Sometimes these weird, broken systems are endearing though - you can get homesick if you don’t call your mom enough, so you should call her every time you call your dad (which costs a dollar each call, but just a few minutes into the game that cost isn’t even noticeable). There’s a zombie hideout that you have to enter, and the password is to put the controller down, have a smoke, eat a sandwich, watch some TV, just whatever except doing anything in the game. You can see all of the enemies on the map before fighting them - except the first time you fight against insects they are just tiny specs on the ground that suddenly rush towards you. Instead of getting money from killing monsters, your dad gives you an allowance that just so happens to coincide directly with how many monsters you have killed.
I feel like the end of the game is probably where it shines the most. The section where you clear your mind is pretty fantastic in how everything is presented (and wave hi to the inspiration for Flowey!). The dinosaur area where they show you the scale of the enemies by shrinking your party was also pretty well done. And the very end of the game is probably why I will always think back fondly of the game. The fight against Giygas is so different and neat. When I was explaining it to my friend who quit the game, I told him it was almost anti climactic just because all you do is pray for a couple turns, and then you win. While that is technically true, the lead up to it with the Contra like building in a sterile forest labyrinth, and finally fighting Pokey who has been pulling the strings all along. The actual fight is an interesting game of “keep Paula alive” while he throws out every status effect and occasional insta kill at your party. Throughout this whole process the boss moans and groans at you, transforming in the background from an already spooky image to something definitely heeby jeeby.

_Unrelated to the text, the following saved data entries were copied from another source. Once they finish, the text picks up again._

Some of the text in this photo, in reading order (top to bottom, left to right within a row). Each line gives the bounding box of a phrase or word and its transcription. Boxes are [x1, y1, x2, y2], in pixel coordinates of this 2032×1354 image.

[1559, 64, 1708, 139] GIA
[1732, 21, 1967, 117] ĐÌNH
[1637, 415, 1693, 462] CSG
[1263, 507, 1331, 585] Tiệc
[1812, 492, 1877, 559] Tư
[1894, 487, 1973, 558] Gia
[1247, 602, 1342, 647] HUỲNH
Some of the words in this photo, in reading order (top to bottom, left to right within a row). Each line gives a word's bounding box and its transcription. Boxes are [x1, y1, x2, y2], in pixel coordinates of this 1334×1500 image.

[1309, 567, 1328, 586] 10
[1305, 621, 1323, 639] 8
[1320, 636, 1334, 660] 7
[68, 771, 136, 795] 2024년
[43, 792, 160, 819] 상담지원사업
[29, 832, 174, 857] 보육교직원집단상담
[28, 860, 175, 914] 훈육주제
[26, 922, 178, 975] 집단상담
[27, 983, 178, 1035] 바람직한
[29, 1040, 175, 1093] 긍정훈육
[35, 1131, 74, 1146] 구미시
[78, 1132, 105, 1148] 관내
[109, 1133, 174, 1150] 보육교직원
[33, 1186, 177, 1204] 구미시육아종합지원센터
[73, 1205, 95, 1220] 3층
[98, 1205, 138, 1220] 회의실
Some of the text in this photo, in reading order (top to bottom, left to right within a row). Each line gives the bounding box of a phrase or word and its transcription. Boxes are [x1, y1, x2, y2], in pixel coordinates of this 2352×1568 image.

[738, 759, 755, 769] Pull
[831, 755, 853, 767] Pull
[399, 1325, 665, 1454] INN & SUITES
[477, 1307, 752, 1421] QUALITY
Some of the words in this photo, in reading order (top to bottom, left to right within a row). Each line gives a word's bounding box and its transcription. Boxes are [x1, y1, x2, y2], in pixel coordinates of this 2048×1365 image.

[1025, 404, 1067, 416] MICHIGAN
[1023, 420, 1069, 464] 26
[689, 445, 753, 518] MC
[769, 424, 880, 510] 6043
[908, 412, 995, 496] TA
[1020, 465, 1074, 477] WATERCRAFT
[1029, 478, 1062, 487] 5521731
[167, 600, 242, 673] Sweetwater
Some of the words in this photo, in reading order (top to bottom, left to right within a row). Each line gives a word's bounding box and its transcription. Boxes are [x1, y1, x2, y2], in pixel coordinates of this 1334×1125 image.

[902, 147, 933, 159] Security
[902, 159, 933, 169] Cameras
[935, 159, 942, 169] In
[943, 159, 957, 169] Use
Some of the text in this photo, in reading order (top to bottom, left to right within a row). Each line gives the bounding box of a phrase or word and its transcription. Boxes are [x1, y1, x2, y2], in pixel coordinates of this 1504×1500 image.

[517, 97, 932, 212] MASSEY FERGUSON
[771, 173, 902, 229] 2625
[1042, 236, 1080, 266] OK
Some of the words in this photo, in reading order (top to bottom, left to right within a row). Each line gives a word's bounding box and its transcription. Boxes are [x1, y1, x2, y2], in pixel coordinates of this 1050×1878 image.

The biggest thing that got me about the ending is the ‘post game’. The whole thing feels a lot like Lord of the Rings, in that your party has defeated the ultimate evil in the world, and now they have to go back to being just kids. As they split off to go back to their homes, and their old lives, in their hometowns. You wander back to talk to tell your mom about your adventures. It grounds the whole story, and at least for me echos the emptiness of having completed the journey.
At the end of the day, I would have to know who I a recommending this game to. I am definitely fond of it as a classic RPG with a lot of fun sprites, cute side stories, and so many interesting things about it, but I couldn't fault anyone for not wanting to put up with so many intentional decisions that make the gameplay worse. I am glad that I played through it again, but it will probably sit on my shelf for another couple of years.